In un confronto diretto tra
possibili candidati sindaci per Milano, il capogruppo del Pd in
Regione Lombardia, Pierfrancesco Majorino, raccoglierebbe il
58,9% dei voti contro il 41,1% del leader di Noi Moderati
Maurizio Lupi. Il giornalista Mario Calabresi, invece, sarebbe
al 61,7% contro il 38,3% di Lupi. Lo si evince da un sondaggio
sul quadro politico preelettorale di Milano, con la città che
andrà al voto nel 2027, realizzato da Scenari Politici su un
campione di mille intervistati.
In caso di primarie del centrosinistra, Majorino sarebbe
avanti a tutti con il 37,8% delle preferenze, seguito a
brevissima distanza da Mario Calabresi con il 37,2%. Dietro di
loro la vicesindaca di Milano Anna Scavuzzo (13,5%), Lorenzo
Pacini (7%), Tommaso Goisis (2,4%) ed Emmanuel Conte (2,1%).
Il 75% degli intervistati appartenenti al centrosinistra
preferirebbe che il candidato fosse scelto dai cittadini
attraverso le primarie, mentre il 25% affiderebbe la scelta ai
partiti della coalizione. Il 69%, inoltre, dichiara che
parteciperebbe alle eventuali primarie.
Per quanto riguarda il profilo del candidato, i milanesi
dell'area di centro, centrosinistra e sinistra privilegiano un
politico o amministratore (32,4%). Un ulteriore 28,7% considera
indifferente la provenienza del candidato, purché conosca bene
la città. Seguono una figura della società civile (20,5%), un
dirigente o manager (11,1%) e un accademico o intellettuale
(7,3%).
Sulle scelte politiche necessarie per vincere, l'area di
centrosinistra appare divisa: il 51% ritiene necessario adottare
una politica più di sinistra, mentre il 49% indica la necessità
di rivolgersi maggiormente al mondo moderato della città.

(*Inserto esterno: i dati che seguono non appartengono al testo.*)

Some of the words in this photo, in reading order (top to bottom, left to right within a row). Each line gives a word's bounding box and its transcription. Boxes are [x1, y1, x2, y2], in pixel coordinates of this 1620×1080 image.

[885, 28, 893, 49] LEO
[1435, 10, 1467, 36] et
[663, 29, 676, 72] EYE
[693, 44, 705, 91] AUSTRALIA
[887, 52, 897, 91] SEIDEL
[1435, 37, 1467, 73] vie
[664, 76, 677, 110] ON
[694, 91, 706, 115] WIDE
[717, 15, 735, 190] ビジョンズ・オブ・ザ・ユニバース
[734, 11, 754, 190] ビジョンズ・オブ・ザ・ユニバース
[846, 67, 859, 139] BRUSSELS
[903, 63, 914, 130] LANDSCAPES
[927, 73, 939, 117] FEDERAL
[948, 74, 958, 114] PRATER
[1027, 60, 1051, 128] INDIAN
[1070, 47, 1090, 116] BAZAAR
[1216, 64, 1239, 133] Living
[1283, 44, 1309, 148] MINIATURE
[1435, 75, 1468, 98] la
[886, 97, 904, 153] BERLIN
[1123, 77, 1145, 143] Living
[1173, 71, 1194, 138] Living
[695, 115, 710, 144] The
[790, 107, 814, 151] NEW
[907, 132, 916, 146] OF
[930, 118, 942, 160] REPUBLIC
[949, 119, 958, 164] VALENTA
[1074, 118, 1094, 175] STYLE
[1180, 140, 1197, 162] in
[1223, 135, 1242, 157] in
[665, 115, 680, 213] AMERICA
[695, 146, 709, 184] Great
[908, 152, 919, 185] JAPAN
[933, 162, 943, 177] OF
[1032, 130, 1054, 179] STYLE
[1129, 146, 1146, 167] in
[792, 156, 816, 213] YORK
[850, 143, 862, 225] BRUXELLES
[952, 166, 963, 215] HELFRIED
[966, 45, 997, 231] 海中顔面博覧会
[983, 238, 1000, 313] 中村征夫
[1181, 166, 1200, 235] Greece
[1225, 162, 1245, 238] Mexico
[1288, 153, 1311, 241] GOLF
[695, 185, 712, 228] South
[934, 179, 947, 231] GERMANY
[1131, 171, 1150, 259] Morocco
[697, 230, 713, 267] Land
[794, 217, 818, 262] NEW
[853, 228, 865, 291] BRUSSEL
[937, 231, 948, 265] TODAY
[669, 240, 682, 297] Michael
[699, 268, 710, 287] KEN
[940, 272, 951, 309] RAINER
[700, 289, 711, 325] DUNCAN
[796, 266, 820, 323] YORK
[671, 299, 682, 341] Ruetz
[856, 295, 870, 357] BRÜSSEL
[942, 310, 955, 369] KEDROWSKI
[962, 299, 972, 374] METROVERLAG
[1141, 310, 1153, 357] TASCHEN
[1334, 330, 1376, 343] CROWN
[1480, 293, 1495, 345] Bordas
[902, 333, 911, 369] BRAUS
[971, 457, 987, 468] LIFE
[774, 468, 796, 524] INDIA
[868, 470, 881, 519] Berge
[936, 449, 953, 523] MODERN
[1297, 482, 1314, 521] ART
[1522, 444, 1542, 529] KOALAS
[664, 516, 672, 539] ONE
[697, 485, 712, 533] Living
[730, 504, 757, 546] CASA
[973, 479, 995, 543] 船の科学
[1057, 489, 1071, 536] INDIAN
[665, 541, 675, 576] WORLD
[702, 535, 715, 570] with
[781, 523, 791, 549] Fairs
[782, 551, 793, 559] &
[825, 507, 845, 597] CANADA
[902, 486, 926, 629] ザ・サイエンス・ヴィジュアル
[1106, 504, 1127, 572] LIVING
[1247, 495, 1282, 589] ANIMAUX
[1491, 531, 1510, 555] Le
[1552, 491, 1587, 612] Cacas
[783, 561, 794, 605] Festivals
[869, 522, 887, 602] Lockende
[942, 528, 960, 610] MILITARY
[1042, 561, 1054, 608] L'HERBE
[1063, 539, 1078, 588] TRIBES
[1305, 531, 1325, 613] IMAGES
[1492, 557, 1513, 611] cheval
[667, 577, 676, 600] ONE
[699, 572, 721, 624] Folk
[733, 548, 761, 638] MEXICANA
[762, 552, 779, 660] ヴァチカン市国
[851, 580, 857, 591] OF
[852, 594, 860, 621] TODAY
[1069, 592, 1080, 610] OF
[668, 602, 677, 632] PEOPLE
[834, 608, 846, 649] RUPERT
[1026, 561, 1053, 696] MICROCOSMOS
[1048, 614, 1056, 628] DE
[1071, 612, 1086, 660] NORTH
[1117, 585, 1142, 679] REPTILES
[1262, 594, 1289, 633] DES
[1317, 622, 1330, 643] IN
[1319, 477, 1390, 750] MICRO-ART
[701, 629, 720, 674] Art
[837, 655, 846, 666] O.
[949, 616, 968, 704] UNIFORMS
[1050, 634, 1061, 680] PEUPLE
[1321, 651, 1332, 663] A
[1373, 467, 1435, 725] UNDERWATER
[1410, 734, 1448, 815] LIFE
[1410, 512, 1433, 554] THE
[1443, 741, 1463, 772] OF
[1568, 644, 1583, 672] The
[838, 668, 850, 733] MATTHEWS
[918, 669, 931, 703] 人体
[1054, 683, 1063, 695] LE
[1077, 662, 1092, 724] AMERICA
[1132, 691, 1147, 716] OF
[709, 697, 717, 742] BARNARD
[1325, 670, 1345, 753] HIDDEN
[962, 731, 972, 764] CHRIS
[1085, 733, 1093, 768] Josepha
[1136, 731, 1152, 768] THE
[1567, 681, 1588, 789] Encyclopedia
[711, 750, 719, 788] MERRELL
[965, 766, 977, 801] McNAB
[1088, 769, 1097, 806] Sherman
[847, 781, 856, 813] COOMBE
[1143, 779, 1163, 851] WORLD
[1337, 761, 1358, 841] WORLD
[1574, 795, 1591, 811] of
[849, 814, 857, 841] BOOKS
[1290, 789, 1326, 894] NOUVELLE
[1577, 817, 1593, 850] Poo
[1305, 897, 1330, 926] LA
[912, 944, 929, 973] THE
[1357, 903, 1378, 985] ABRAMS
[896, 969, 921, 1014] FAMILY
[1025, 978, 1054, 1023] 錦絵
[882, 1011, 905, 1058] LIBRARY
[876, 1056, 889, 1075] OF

Le interviste sono state effettuate da Scenari Politici dal 3
al 10 agosto su un campione segmentato proporzionalmente per
sesso ed età e ponderato per genere, fascia di età e intenzione
di voto alle ultime elezioni europee. Le interviste sono state
condotte con metodologia telefonica Cati-Cami. Sono stati
registrati 3.455 rifiuti. Il margine di errore indicato, con
intervallo di confidenza al 99%, è del 2,5%.